* **TASK**: A letter-for-letter copy of the listing is required, with no pictures in it.

* **MATERIAL PROVIDED**:
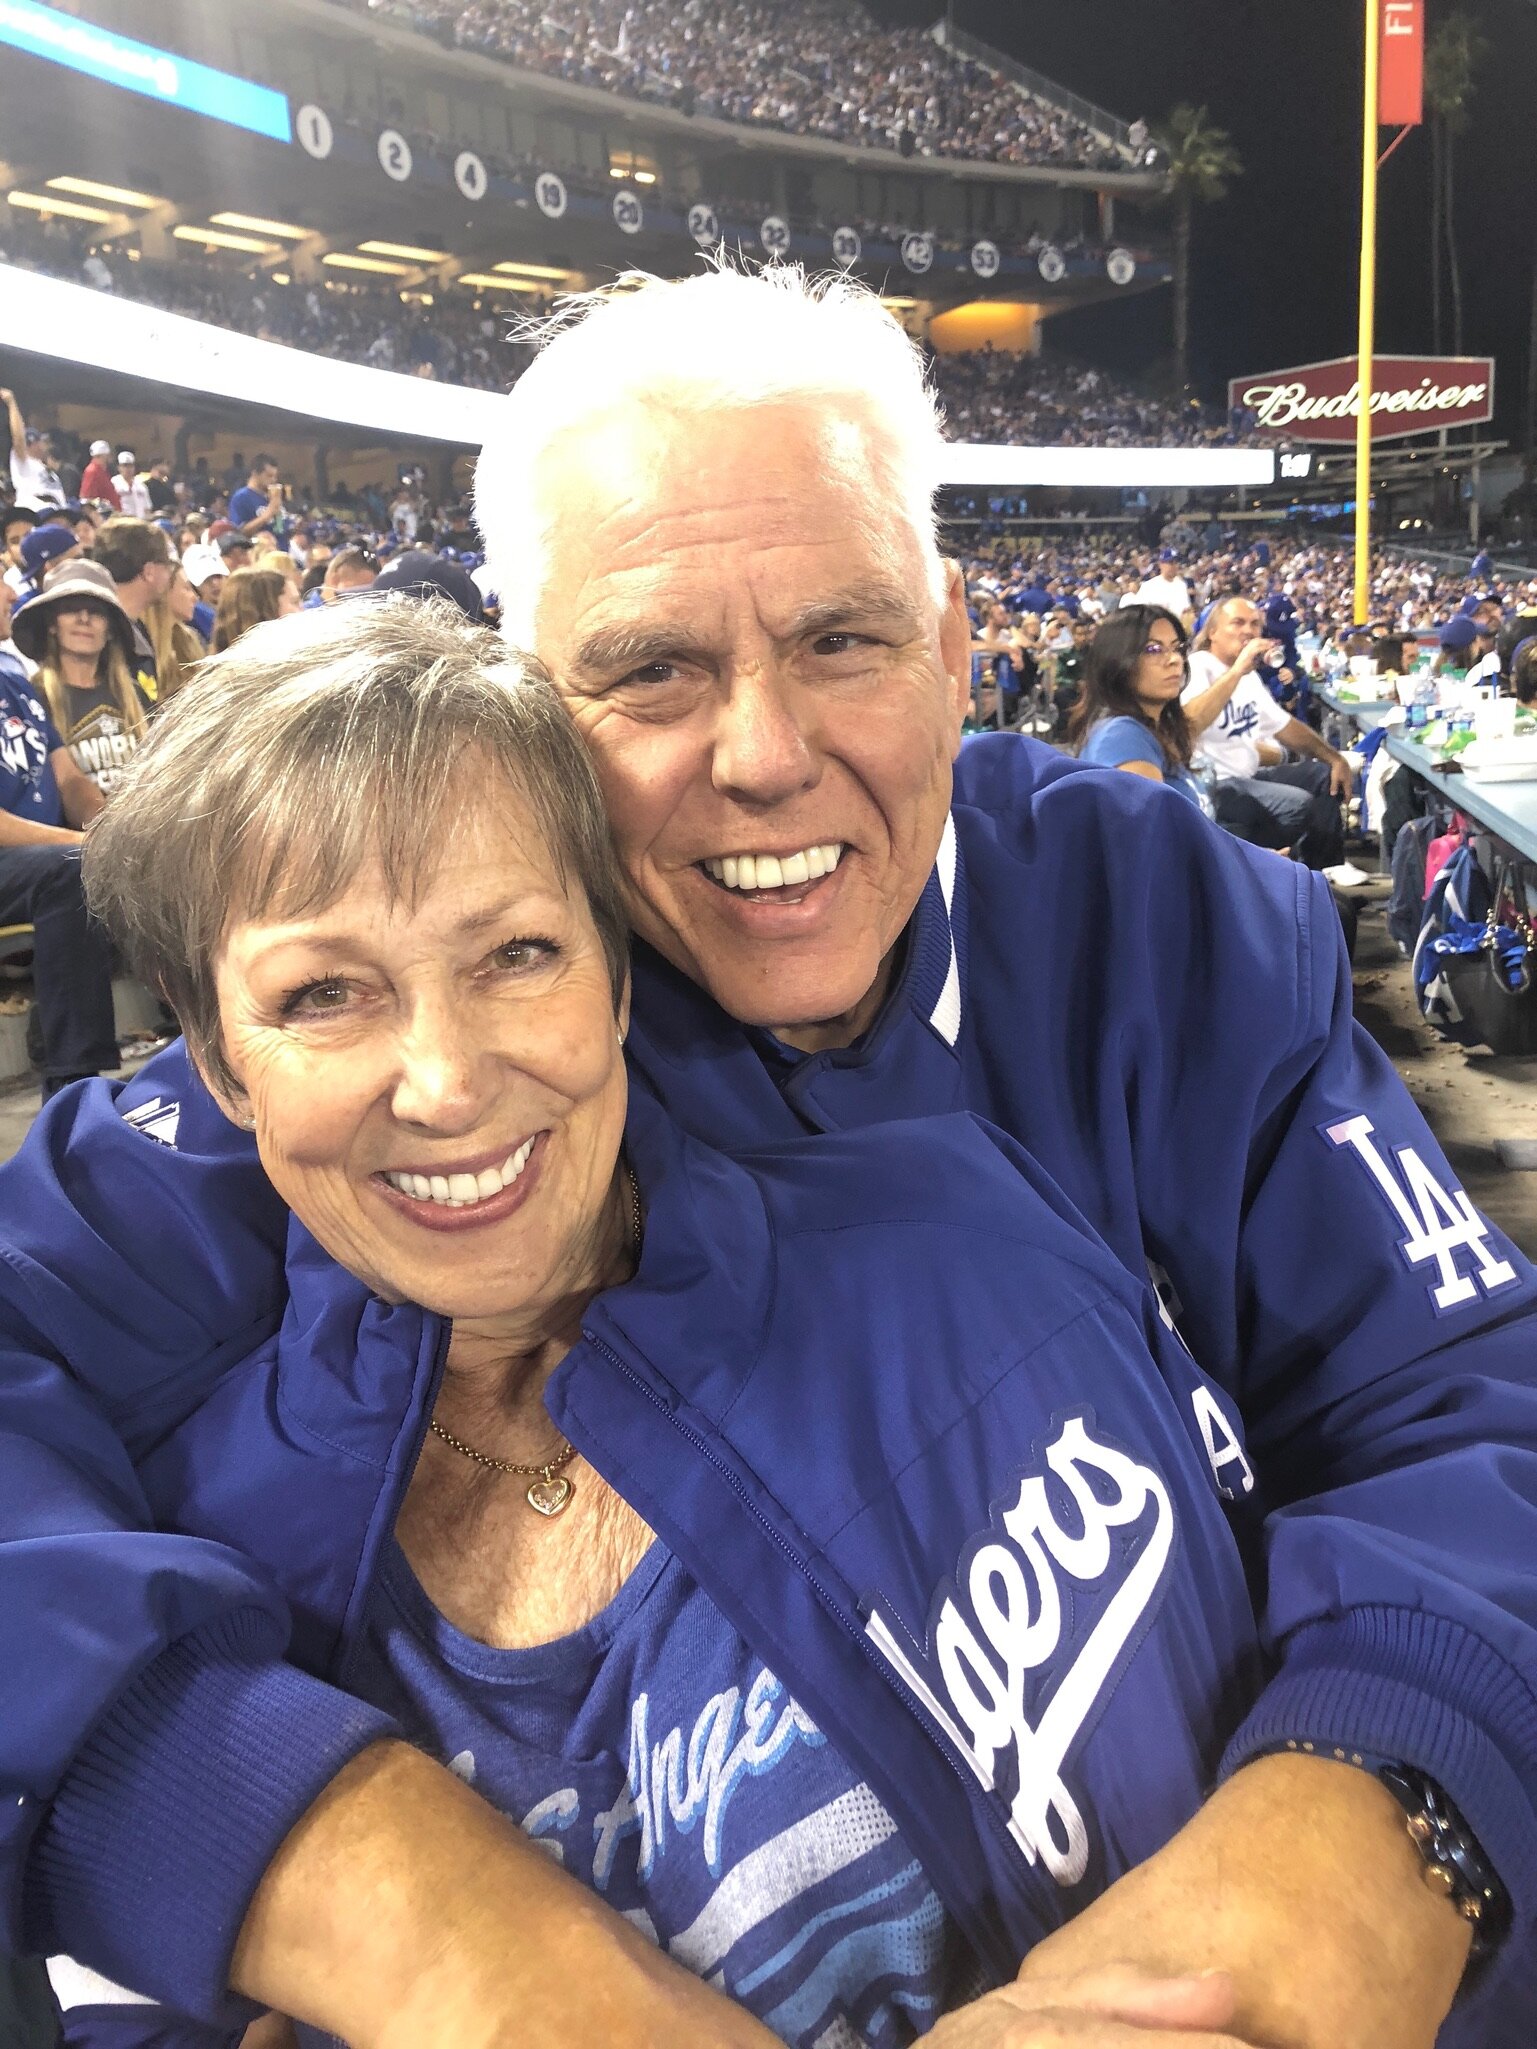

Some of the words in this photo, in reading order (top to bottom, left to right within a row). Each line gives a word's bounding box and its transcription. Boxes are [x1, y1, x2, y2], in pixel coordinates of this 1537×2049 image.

[389, 141, 403, 170] 2
[463, 163, 477, 189] 4
[1242, 377, 1487, 428] Budweiser
[1326, 1114, 1517, 1309] LA
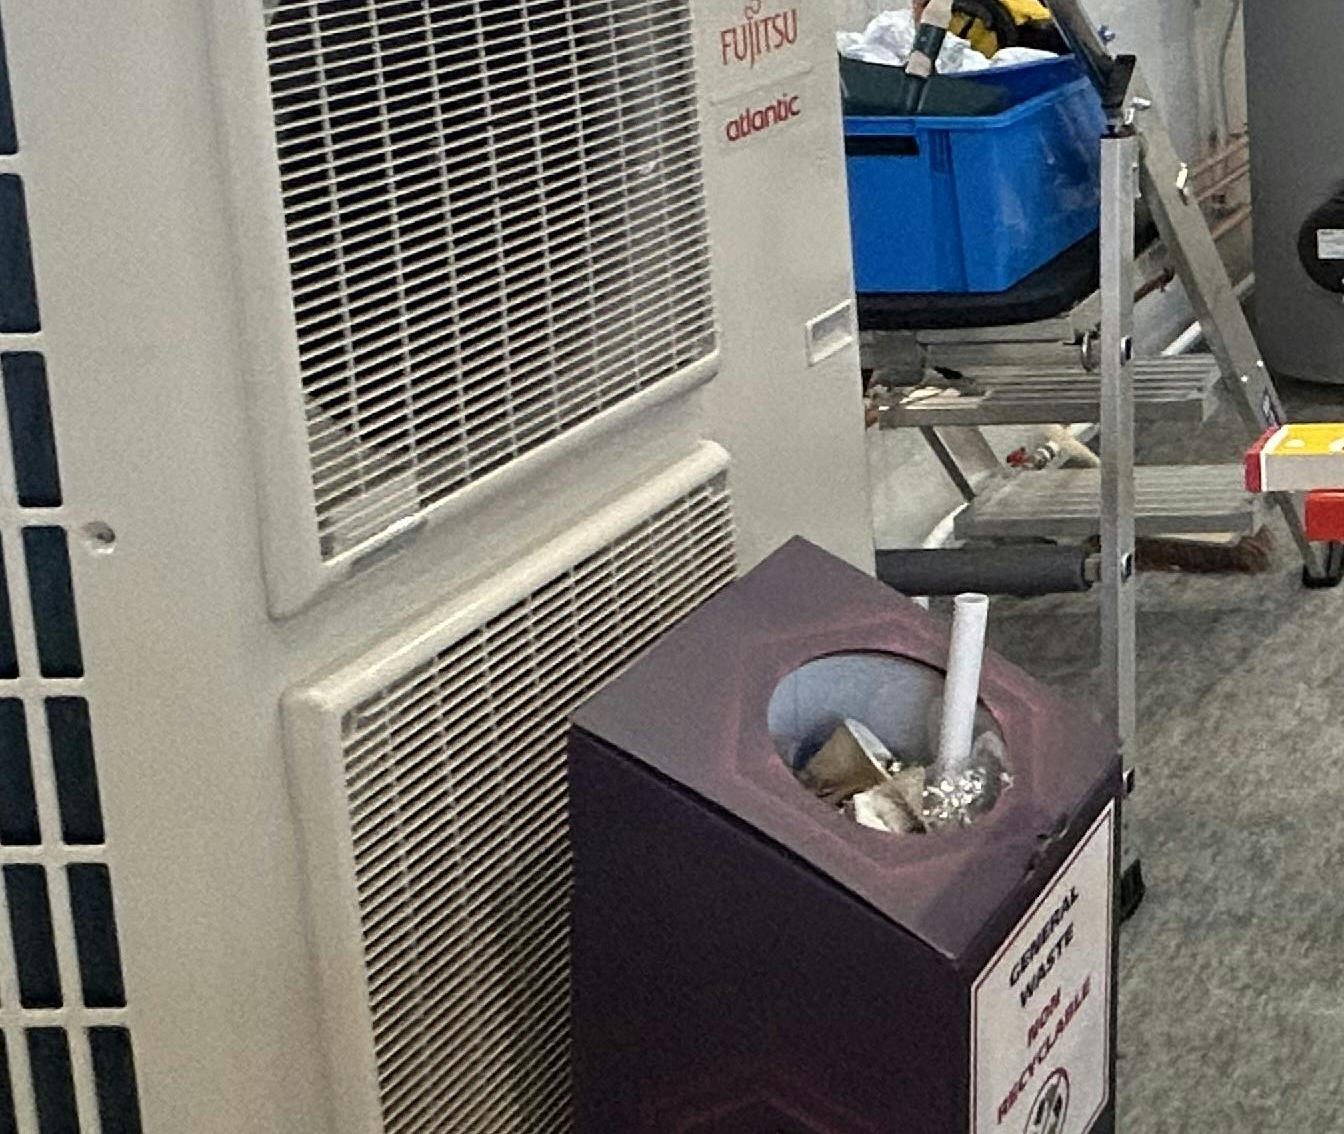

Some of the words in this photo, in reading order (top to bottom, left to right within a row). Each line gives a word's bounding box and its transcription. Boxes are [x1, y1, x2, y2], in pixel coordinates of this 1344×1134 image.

[721, 8, 798, 69] FUJITSU
[726, 92, 801, 141] atlantic
[1009, 886, 1079, 988] GENERAL
[1020, 921, 1074, 1009] WASTE
[997, 975, 1091, 1125] RECYCLABLE
[1027, 986, 1062, 1050] NON

* **TASK RESULT**:
Some of the words in this photo, in reading order (top to bottom, left to right within a row). Each line gives a word's bounding box and its transcription. Boxes are [x1, y1, x2, y2], in pixel coordinates of this 1537×2049 image.

[389, 141, 403, 170] 2
[463, 163, 477, 189] 4
[1242, 377, 1487, 428] Budweiser
[1326, 1114, 1517, 1309] LA

Some of the words in this photo, in reading order (top to bottom, left to right within a row). Each line gives a word's bounding box and its transcription. Boxes are [x1, y1, x2, y2], in pixel coordinates of this 1344×1134 image.

[721, 8, 798, 69] FUJITSU
[726, 92, 801, 141] atlantic
[1009, 886, 1079, 988] GENERAL
[1020, 921, 1074, 1009] WASTE
[997, 975, 1091, 1125] RECYCLABLE
[1027, 986, 1062, 1050] NON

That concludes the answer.